**Task to complete**
The records should be copied out again with no alteration.

********

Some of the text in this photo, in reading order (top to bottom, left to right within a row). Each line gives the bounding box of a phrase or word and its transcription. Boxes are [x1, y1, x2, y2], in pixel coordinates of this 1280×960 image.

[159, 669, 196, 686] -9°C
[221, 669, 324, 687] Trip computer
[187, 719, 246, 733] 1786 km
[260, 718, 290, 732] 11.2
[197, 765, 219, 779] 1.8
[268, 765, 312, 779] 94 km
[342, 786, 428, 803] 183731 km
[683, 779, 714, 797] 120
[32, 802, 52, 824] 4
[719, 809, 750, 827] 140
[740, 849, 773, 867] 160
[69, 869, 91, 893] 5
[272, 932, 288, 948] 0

********

**Output of the task**
Some of the text in this photo, in reading order (top to bottom, left to right within a row). Each line gives the bounding box of a phrase or word and its transcription. Boxes are [x1, y1, x2, y2], in pixel coordinates of this 1280×960 image.

[159, 669, 196, 686] -9°C
[221, 669, 324, 687] Trip computer
[187, 719, 246, 733] 1786 km
[260, 718, 290, 732] 11.2
[197, 765, 219, 779] 1.8
[268, 765, 312, 779] 94 km
[342, 786, 428, 803] 183731 km
[683, 779, 714, 797] 120
[32, 802, 52, 824] 4
[719, 809, 750, 827] 140
[740, 849, 773, 867] 160
[69, 869, 91, 893] 5
[272, 932, 288, 948] 0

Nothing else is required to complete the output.